MiddleEarthling's photo
Fri 01/29/10 10:24 AM
Looks like they were not trying to tap the phones but none-the-less their actions were no different than the dirty deeds squads during Nixon's reign.

The perps have ties to the GOP and were promoted by FOCKS noise as honest journalists...yeah OK....go figure huh?




CatsLoveMe's photo
Fri 01/29/10 11:28 AM
"Basel and Flanagan attempted to gain access to Landrieu's office Monday while posing as telephone repairmen. The two men were "each dressed in blue denim pants, a blue work shirt, a light green fluorescent vest, a tool belt and a construction-style hard hat when they entered the Hale Boggs Federal Building," according to a news release from the local U.S. attorney's office.

After they entered the building, the two men told a staffer in Landrieu's office they were telephone repairmen, according to the release and an affidavit from FBI Special Agent Steven Rayes. They then asked for -- and were granted -- access to the reception desk's phone system.

O'Keefe, who had been waiting in the office before the pair arrived, recorded their actions with a cell phone, Rayes' affidavit said.

Landrieu said Thursday that the four men had "embarrassed themselves and their families."

In a statement released by her office, the Democratic senator also called claims by the men's lawyers that their clients were trying to embarrass her staff "a clear and calculated effort to divert attention away" from the crime itself."

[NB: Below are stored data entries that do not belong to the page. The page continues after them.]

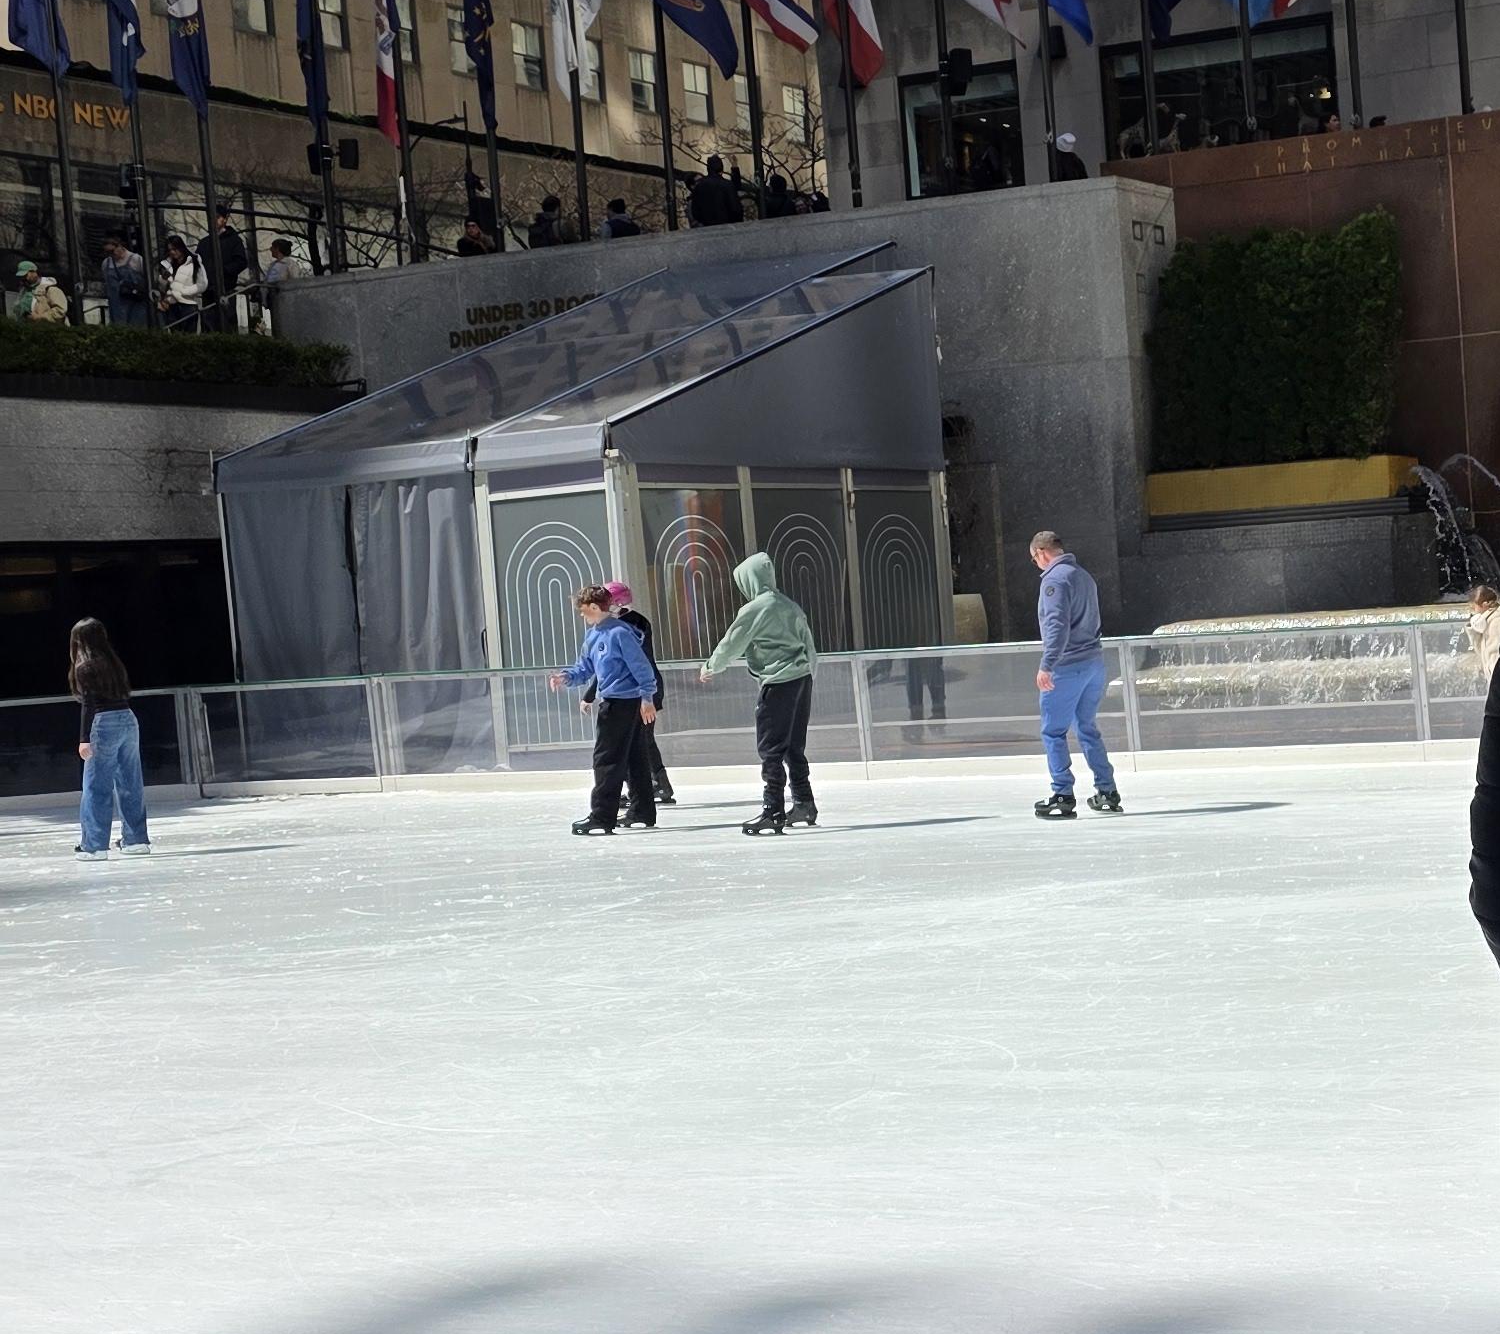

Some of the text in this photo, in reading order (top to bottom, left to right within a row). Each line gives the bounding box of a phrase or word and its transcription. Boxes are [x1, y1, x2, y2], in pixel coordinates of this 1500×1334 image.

[73, 100, 130, 131] NEW
[1379, 138, 1466, 160] HATH
[466, 293, 604, 325] UNDER 30 RO
[449, 325, 510, 349] DINING
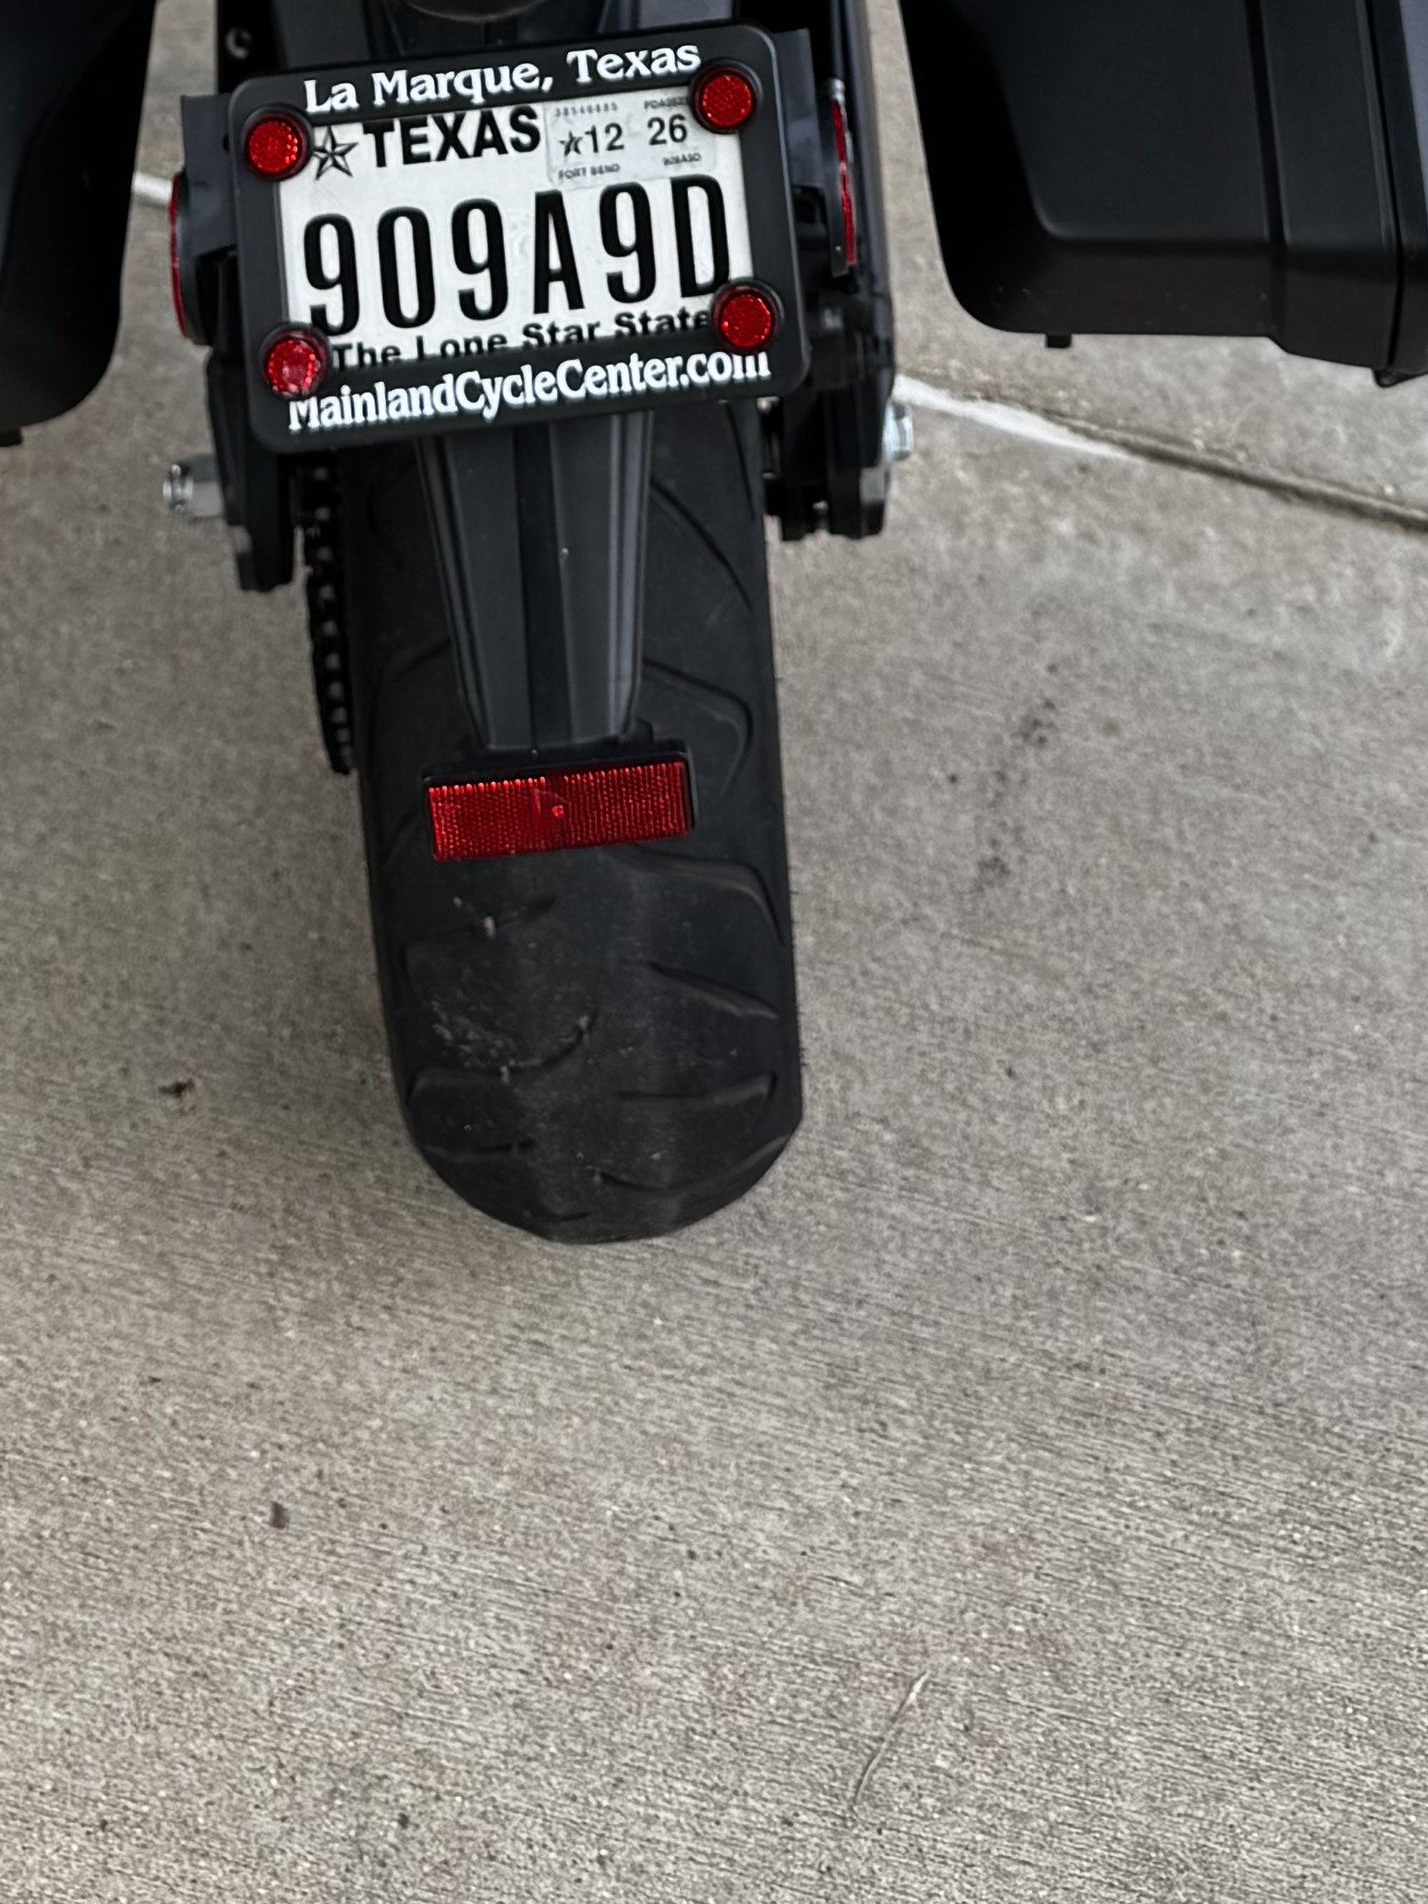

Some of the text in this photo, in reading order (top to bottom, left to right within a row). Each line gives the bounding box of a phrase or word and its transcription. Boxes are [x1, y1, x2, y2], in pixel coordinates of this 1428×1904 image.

[303, 44, 702, 115] La Marque, Texas
[362, 104, 542, 168] TEXAS
[584, 113, 688, 154] 12 26
[303, 174, 731, 337] 909A9D
[332, 341, 401, 371] The
[521, 320, 601, 349] Star
[614, 306, 712, 340] State
[288, 350, 772, 432] MainlandCycleCenter.com
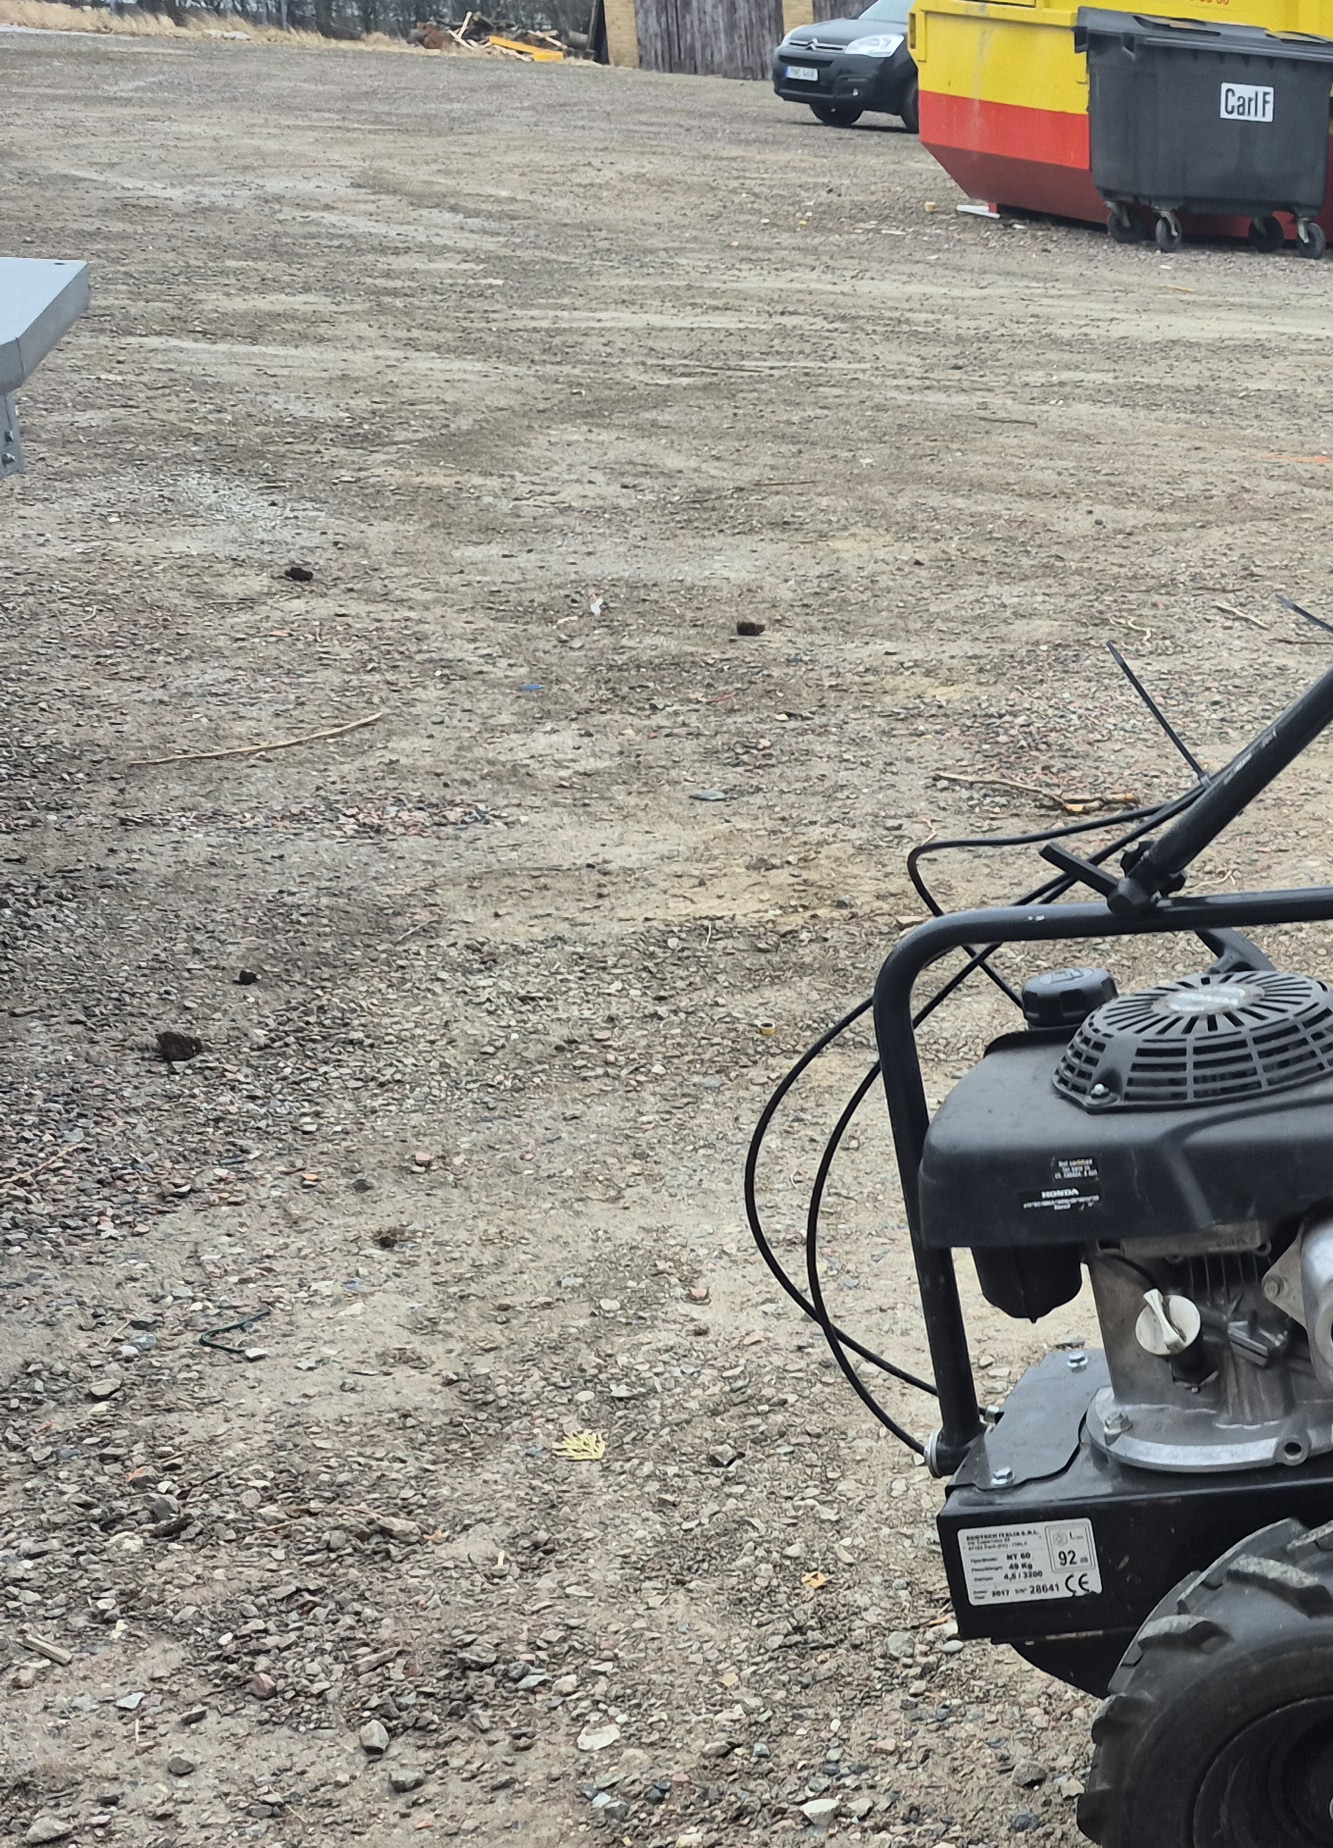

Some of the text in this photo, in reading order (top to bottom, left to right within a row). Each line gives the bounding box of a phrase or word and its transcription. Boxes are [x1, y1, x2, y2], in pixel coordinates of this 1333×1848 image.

[1225, 88, 1271, 118] Carl F
[1041, 1188, 1079, 1199] HONDA
[1058, 1550, 1077, 1566] 92
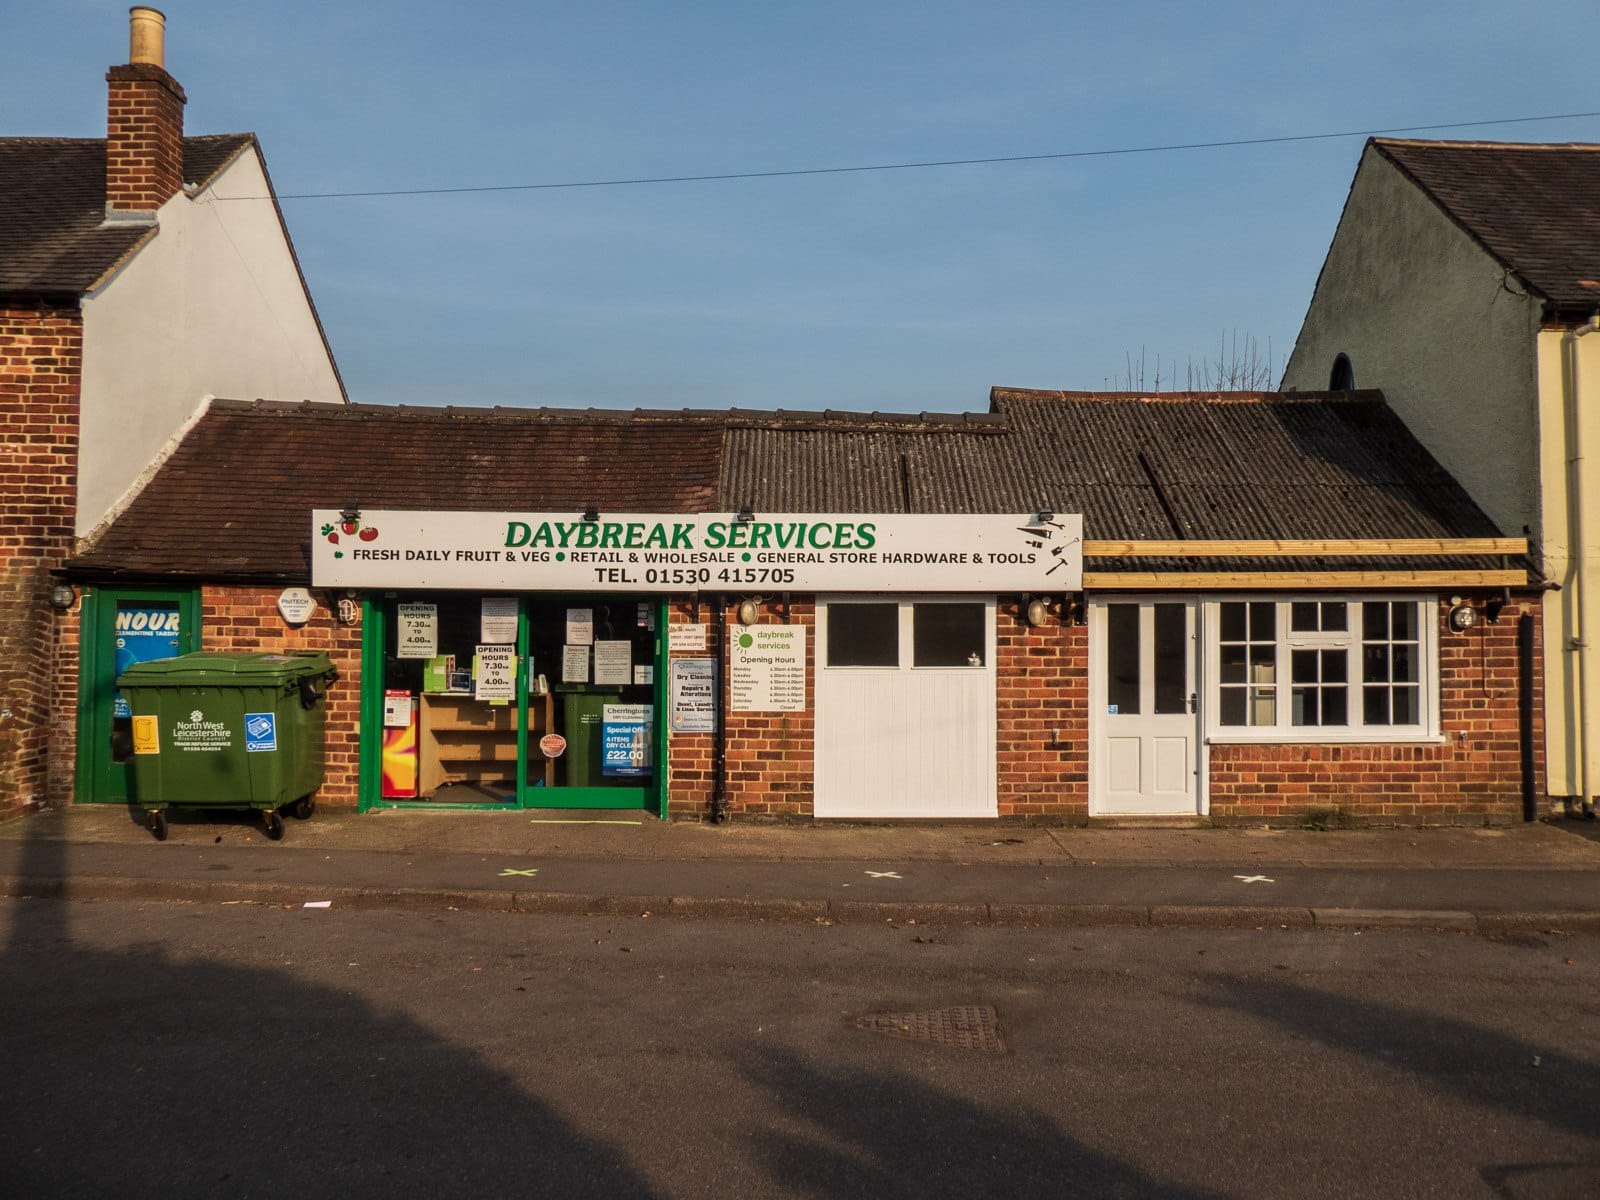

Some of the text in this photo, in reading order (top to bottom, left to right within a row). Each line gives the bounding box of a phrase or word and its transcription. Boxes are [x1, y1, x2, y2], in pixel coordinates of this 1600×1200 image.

http://www.cnn.com/2010/POLITICS/01/29/senate.office.arrest/index.html?iref=allsearch

Posted on 1/29/10, this a new development

markumX's photo
Fri 01/29/10 03:20 PM
i just saw on CNN they are all claiming to be innocent and stated they weren't trying to phone tap the lines. I ask...what were they doing dressed as phone company employees? And then stated..they were merely trying to record phone calls to show that the office ignored calls from constituents...ummm isn't that what wiretapping is? What morons.